Остановимся на минуту на этом зрелище, приковывающем внимание. Добыча лежит неподвижно на спине. В ячейке желтокрылого сфекса это три-четыре сверчка, сложенные в кучу; в ячейке сфекса лангедокского лежит одно, но громадное, сравнительно, насекомое— эфиппигера. Червячок погиб, если его оторвать от того места, из которого он черпает жизнь; если он упадет—для него все погибло, ибо он слаб и лишен способности передвигаться. Пустяка достаточно жертве для того, чтобы освободиться от микроскопического животного, которое сосет ее внутренности, а между тем гигантская добыча позволяет это делать без малейшего вздрагивания. Я хорошо знаю, что она парализована; но такая, как она теперь, она сохраняет еще более или менее свои двигательные и чувствительные способности в областях, не пораженных жалом. Брюшко пульсирует, челюсти открываются и закрываются, брюшные нити колеблются так же, как и усики. Что случилось бы, если бы червячок начал кусать в какой-нибудь еще чувствительной части, вблизи челюстей или даже в брюшко, которое,
как более нежная часть, казалось бы, должно было доставить ему первые глотки. Тогда у жертвы задрожала бы, по крайней мере, кожа и этого было бы достаточно, чтобы слабая личинка сорвалась, упала и погибла.
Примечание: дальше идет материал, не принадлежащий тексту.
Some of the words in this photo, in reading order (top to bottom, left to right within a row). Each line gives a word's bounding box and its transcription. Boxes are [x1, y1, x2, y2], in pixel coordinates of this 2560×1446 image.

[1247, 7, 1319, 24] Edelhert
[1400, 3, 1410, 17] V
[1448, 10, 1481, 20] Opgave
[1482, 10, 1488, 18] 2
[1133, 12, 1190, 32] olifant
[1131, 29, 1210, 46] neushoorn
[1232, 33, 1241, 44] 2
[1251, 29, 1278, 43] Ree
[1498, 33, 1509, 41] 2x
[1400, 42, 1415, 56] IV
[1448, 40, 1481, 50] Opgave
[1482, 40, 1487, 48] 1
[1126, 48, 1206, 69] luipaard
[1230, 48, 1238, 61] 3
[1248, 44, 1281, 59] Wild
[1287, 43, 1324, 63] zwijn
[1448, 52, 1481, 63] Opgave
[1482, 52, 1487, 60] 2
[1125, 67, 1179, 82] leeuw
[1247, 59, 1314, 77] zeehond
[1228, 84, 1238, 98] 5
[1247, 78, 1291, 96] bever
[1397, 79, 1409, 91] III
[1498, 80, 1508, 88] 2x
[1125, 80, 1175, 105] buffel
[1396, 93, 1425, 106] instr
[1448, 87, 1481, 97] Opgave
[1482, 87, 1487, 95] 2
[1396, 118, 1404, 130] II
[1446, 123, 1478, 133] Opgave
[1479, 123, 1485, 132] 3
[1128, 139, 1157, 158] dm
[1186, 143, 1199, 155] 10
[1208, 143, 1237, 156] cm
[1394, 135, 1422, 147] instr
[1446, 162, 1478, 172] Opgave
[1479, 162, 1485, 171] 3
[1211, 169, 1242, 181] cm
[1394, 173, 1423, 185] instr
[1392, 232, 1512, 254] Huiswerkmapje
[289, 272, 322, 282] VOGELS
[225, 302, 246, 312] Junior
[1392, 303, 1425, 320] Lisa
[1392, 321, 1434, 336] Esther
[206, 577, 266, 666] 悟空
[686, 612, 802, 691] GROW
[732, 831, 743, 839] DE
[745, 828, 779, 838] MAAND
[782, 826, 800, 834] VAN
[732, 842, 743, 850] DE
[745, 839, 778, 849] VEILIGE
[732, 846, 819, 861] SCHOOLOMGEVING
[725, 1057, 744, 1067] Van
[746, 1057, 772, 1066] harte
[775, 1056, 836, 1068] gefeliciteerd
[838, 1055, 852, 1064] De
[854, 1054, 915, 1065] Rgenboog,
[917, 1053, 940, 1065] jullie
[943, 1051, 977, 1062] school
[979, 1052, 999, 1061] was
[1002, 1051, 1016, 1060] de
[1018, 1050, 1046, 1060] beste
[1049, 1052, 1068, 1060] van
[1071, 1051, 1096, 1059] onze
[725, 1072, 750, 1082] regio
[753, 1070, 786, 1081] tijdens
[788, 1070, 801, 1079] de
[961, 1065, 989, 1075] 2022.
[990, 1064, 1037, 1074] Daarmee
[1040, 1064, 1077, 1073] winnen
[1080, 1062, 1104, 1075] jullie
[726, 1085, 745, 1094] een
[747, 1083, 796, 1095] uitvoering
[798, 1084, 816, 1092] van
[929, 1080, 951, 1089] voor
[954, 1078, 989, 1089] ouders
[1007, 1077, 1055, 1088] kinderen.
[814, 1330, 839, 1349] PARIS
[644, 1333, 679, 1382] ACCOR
Но есть часть тела, на которой эта опасность не угрожает, часть, раненная перепончатокрылым, это—грудь. Здесь, и только здесь, на свежей жертве экспериментатор может копаться острием иглы, колоть там и сям, и пациент не проявит ни малейшего знака страдания. И здесь же неизменно откладывается яичко, здесь же начинает сосать молодая личинка свою добычу. Позднее, когда рана увеличится и дойдет до чувствительного места, сверчок, может быть, станет биться в тех пределах, в каких это ему возможно; но это будет слишком поздно: оцепенение его будет слишком велико, да сверх того и враг его войдет в силу. Таким образом объясняется, почему яйцо неизменно кладется в точку, расположенную вблизи места уколов, нанесенных жалом; на груди, но не в середине, где кожа, может быть, слишком толста для новорожденного червячка, а сбоку, у места прикрепления ножки, где кожа гораздо тоньше. Какой благоразумный выбор, какая логика со стороны матери, когда под землей, в полной темноте, она различает на жертве и выбирает единственную подходящую для яичка точку!
Я воспитывал личинок сфекса, давая им одного за другим сверчков, взятых из ячеек, и мог, таким образом, изо дня в день следить за быстрыми успехами моих питомцев. Первый сверчок, тот, на которого снесено яйцо, подвергается нападению так, как я только что описал, в точке, пораженной жалом охотника во второй раз, т.е. между первой и второй парами ножек. Через несколько дней молодая личинка вырыла в груди жертвы углубление, достаточное для того, чтобы до половины погрузиться в него. Тогда нередко можно видеть, как сверчок, укушенный ею в живое место, бесполезно двигает усиками и брюшными нитями, открывает и закрывает попусту челюсти и даже двигает какой-нибудь лапкой. Но враг в безопасности и роется безнаказанно в его внутренностях. Какой ужасный кошмар для парализованного сверчка!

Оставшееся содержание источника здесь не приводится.